A imitazione di Gesù, colui che guida gli esercizi non deve pertanto stare a chiedersi se nell’eserciziante manca una coscienza di Dio; egli deve piuttosto saper percepire che Dio è già presente e attivo in lui. Nella società d’oggi – e anche nella Chiesa – scrive il padre, spesso i segni di questa presenza non sono quelli di una religiosità manifesta, ma di una vita onesta. Come osserva il papa nell’enciclica Dives in misericordia: «Il significato vero e proprio della misericordia non consiste soltanto nello sguardo, fosse pure il più penetrante e compassionevole, rivolto verso il male morale, fisico o materiale: la misericordia si manifesta nel suo aspetto vero e proprio quando rivaluta, promuove e trae il bene da tutte le forme di male esistenti nel mondo e nell’uomo» (6).

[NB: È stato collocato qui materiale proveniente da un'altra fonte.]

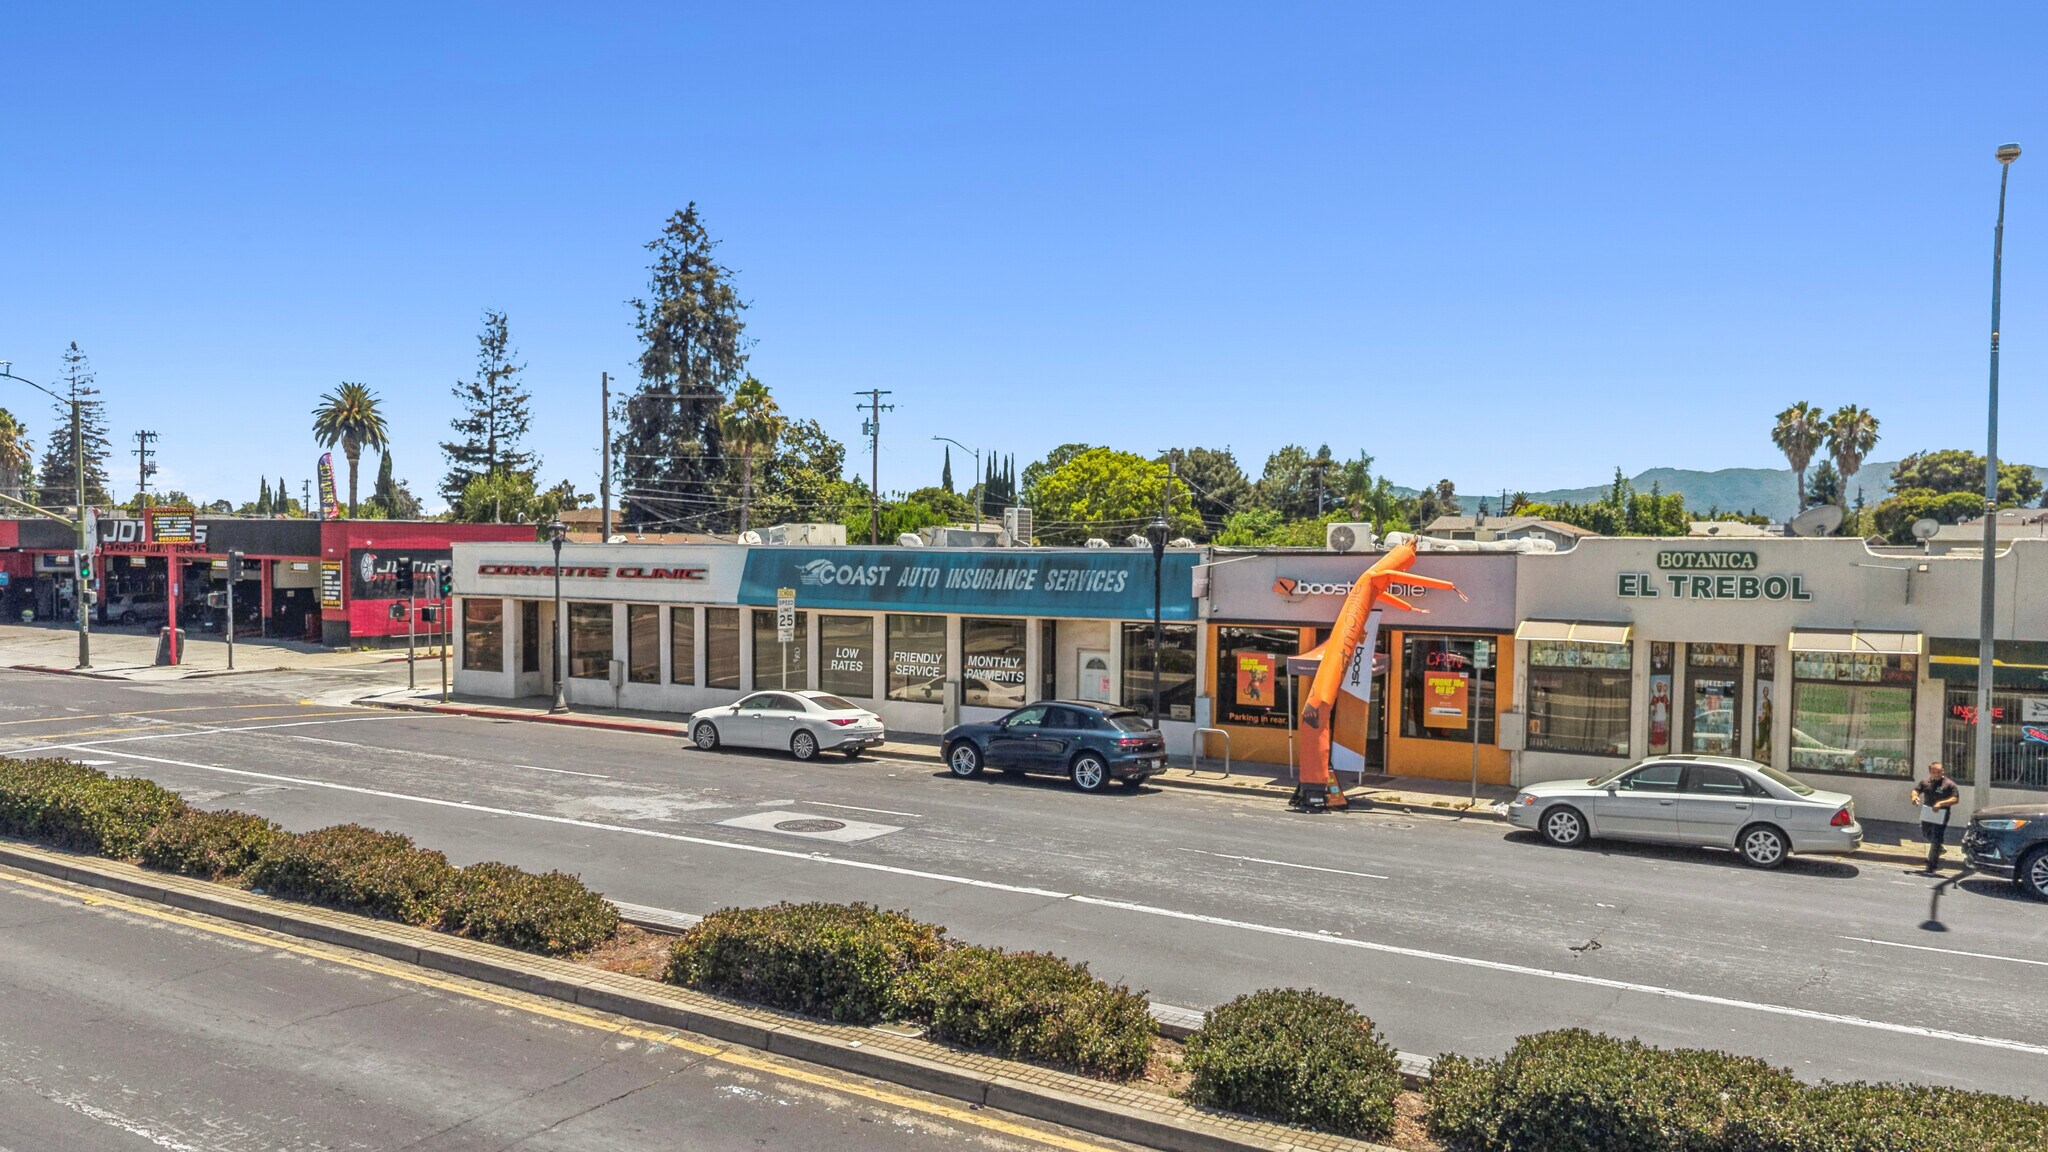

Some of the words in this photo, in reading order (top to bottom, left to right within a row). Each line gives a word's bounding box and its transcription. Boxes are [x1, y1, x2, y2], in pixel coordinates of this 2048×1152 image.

[320, 464, 334, 503] SERVICE
[1659, 552, 1755, 568] BOTANICA
[478, 564, 610, 578] CORVETTE
[616, 567, 707, 580] CLINIC
[820, 564, 890, 586] COAST
[897, 566, 940, 587] AUTO
[945, 568, 1038, 590] INSURANCE
[1044, 569, 1128, 592] SERVICES
[1298, 580, 1354, 595] boost
[1617, 573, 1659, 598] EL
[1667, 574, 1812, 601] TREBOL
[779, 614, 793, 627] 25
[836, 648, 859, 659] LOW
[894, 652, 942, 664] FRIENDLY
[1427, 652, 1464, 668] OPEN
[831, 660, 863, 671] RATES
[968, 655, 1020, 668] MONTHLY
[1351, 646, 1364, 686] boost
[895, 665, 939, 677] SERVICE
[966, 669, 1024, 682] PAYMENTS
[1229, 712, 1259, 723] Parking
[1270, 717, 1287, 725] rear.
[1961, 715, 1979, 725] TA
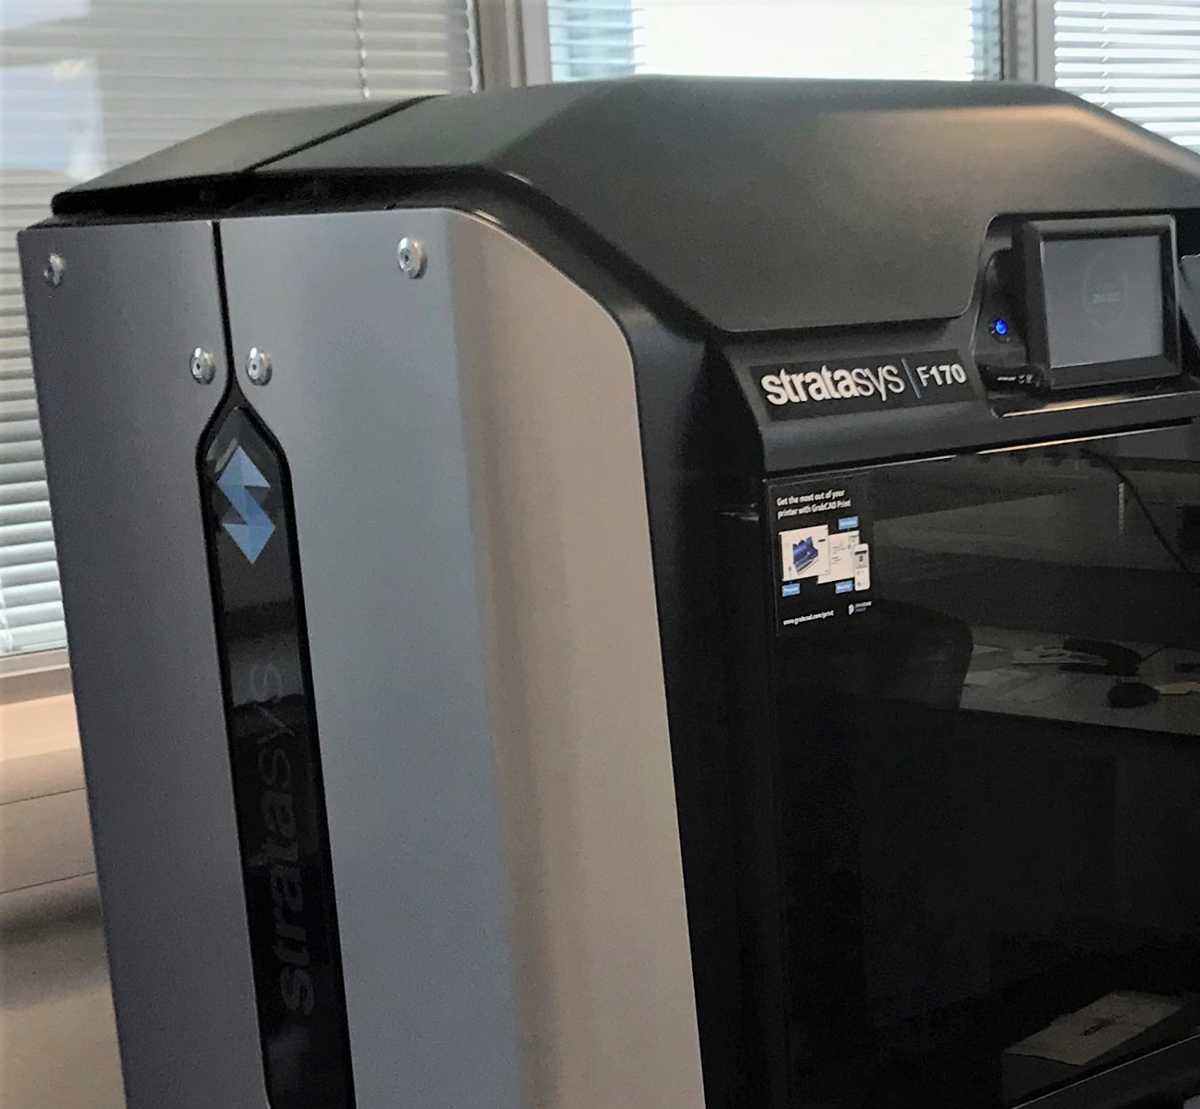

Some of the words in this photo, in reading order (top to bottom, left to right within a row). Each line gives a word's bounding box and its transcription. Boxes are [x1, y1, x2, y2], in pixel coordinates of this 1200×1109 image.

[761, 365, 905, 405] stratasys
[916, 363, 967, 387] F170
[777, 497, 788, 506] Get
[788, 495, 799, 504] the
[799, 493, 814, 503] most
[814, 492, 825, 500] out
[825, 489, 833, 499] of
[832, 490, 845, 500] your
[778, 509, 798, 520] printer
[798, 505, 811, 514] with
[837, 500, 851, 508] Print
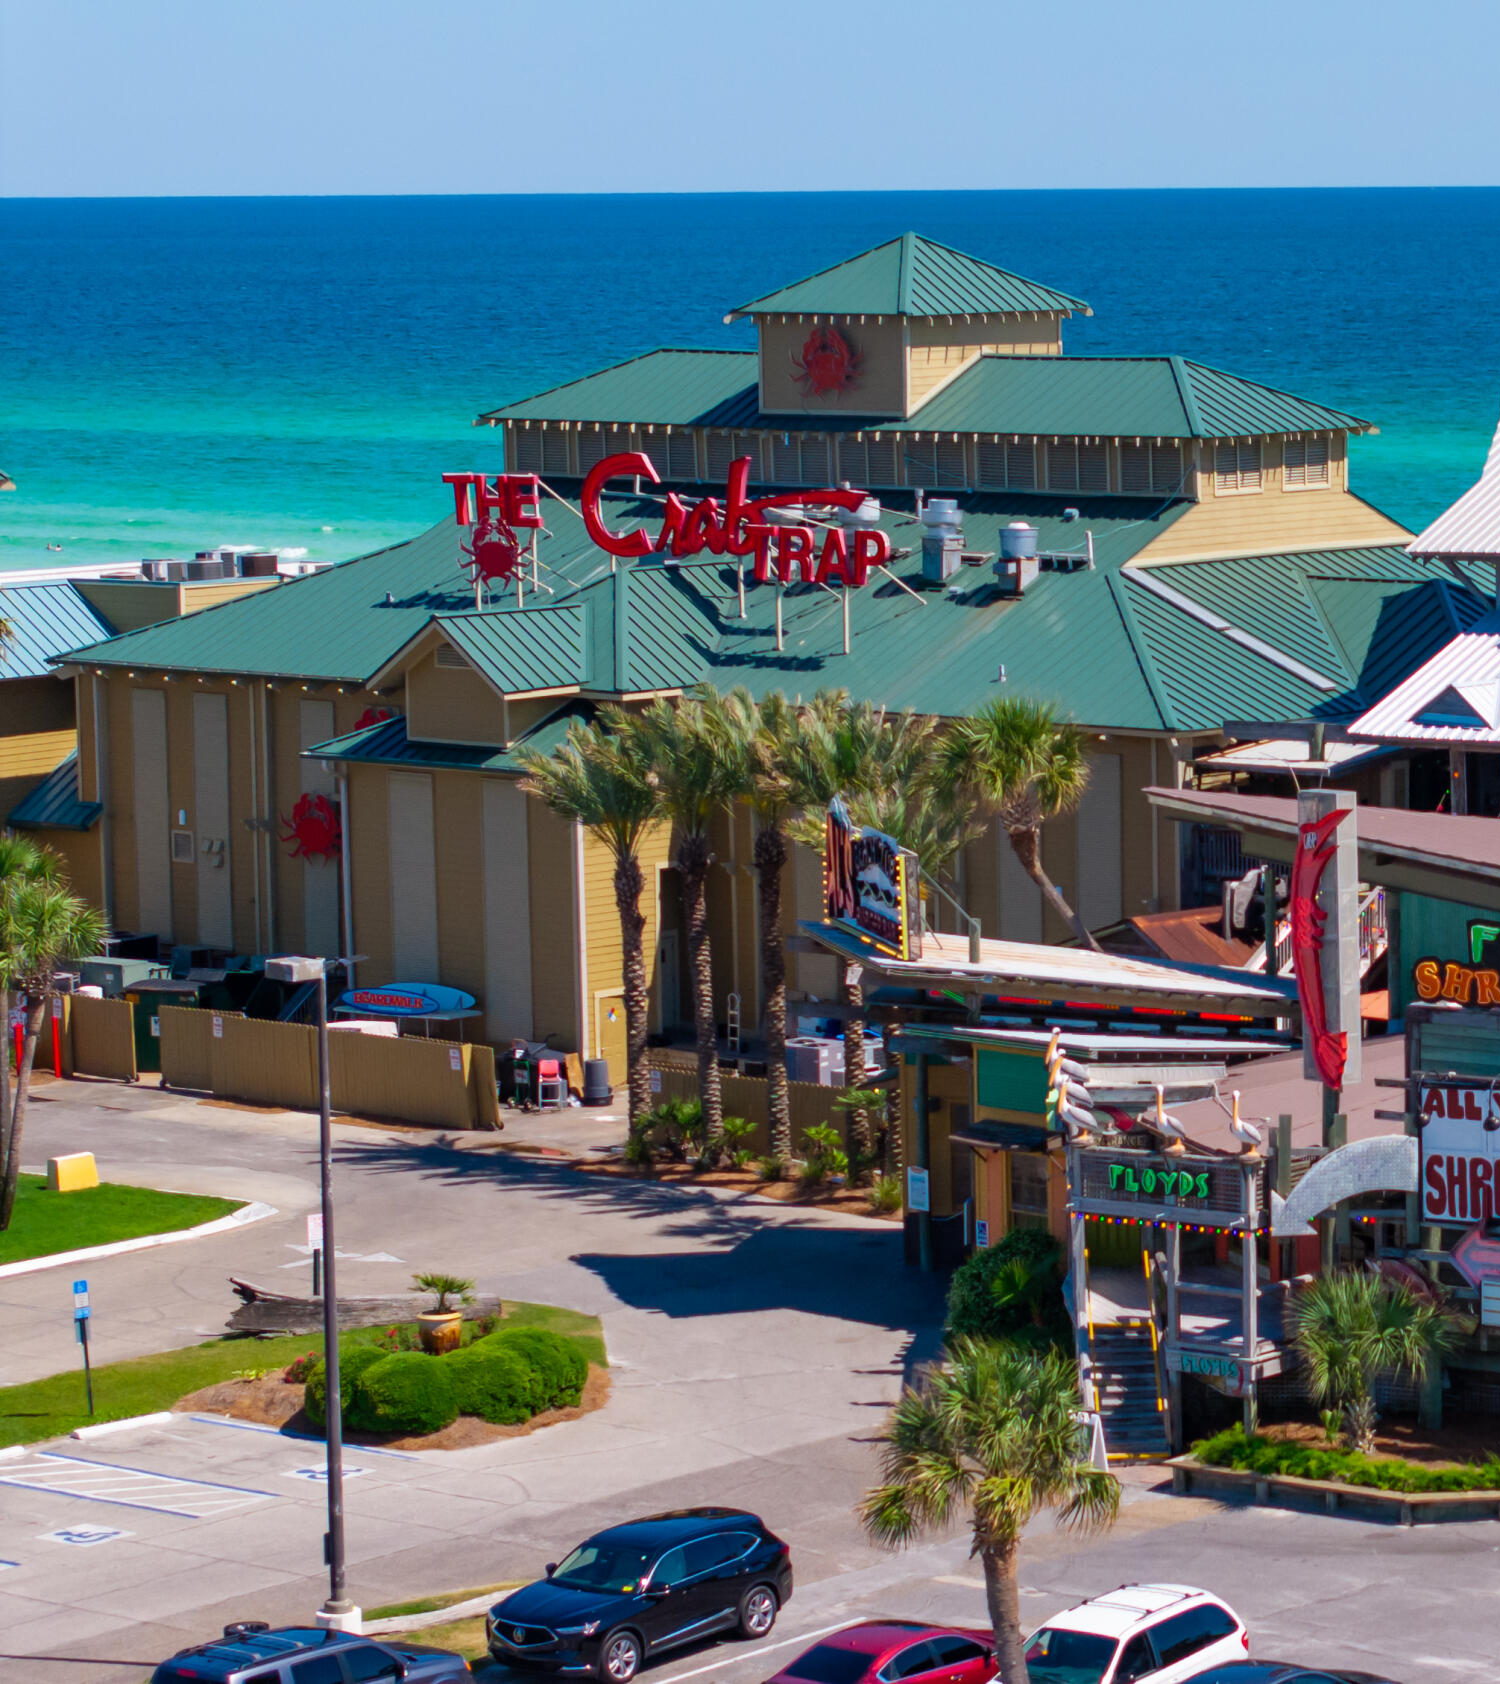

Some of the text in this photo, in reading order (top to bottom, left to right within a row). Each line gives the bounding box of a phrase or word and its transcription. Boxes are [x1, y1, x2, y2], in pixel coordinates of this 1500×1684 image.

[442, 451, 870, 557] THE Crab
[746, 525, 891, 586] TRAP
[1424, 1088, 1482, 1121] ALL
[1108, 1164, 1209, 1198] FLOYDS
[1181, 1355, 1239, 1377] FLOYDS
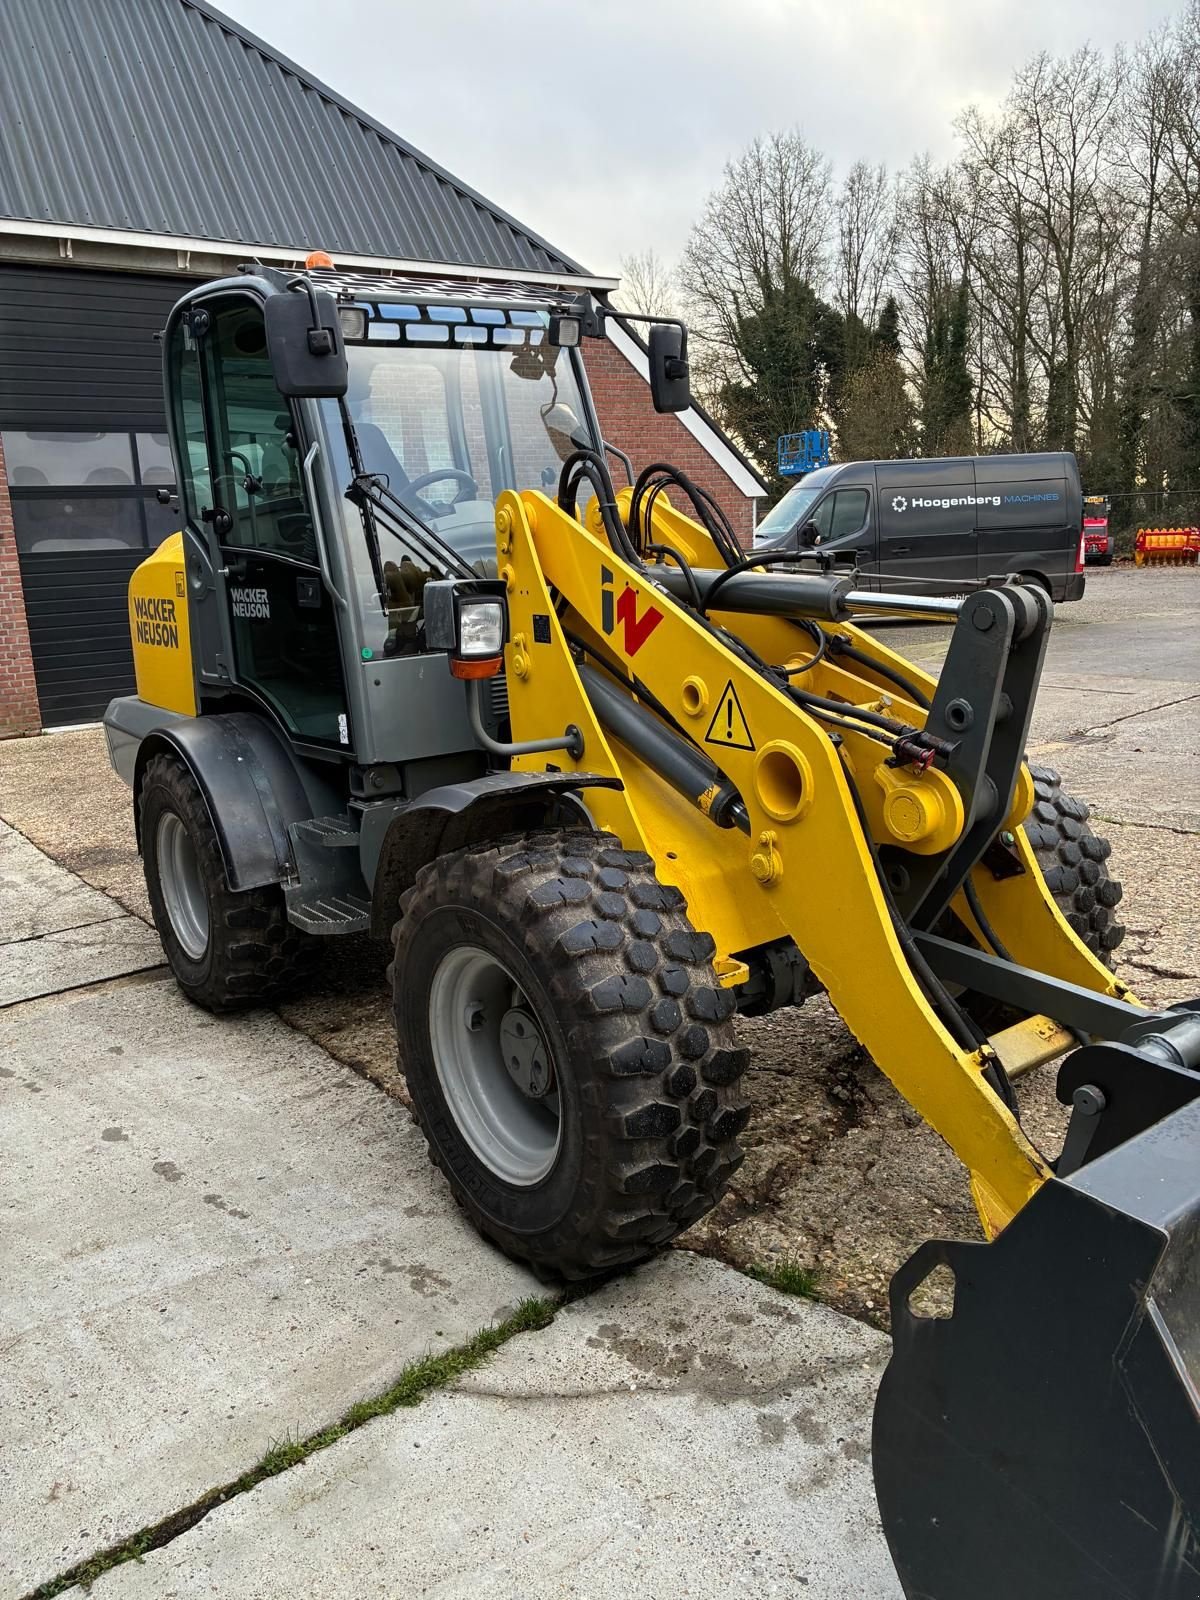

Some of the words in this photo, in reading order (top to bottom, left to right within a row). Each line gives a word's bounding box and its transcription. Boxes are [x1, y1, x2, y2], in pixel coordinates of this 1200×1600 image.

[912, 496, 1001, 508] Hoogenberg
[1004, 493, 1060, 503] MACHINES
[230, 588, 269, 603] WACKER
[134, 597, 177, 623] WACKER
[232, 602, 270, 618] NEUSON
[136, 621, 179, 649] NEUSON

Le conseguenze pratiche di questa affermazione sono molto importanti. Chi predica gli esercizi è sottratto alla tentazione di guardare soprattutto all’esperienza di preghiera, al fatto se uno è animato da un vero desiderio oppure alla sua capacità di impegnarsi in una disciplina di preghiera, di esame e confronto. In realtà, l’espressione più autentica di questo desiderio non consiste necessariamente nella pratica religiosa o nei segni che l’accompagnano e ancor meno nel volontarismo ascetico; si rivelano invece nelle beatitudini già sbocciate o hanno cominciato a fiorire nella sua vita. Dietro agli atteggiamenti apparentemente a-religiosi o agnostici e alle numerose ambiguità e incoerenze descritte, l’onestà della persona può nascondere un desiderio vivo ed effettivo che il predicatore degli esercizi, deve sforzarsi di mettere in luce e di far emergere, poiché, come scrive sant’Ignazio, «è acceso da Dio».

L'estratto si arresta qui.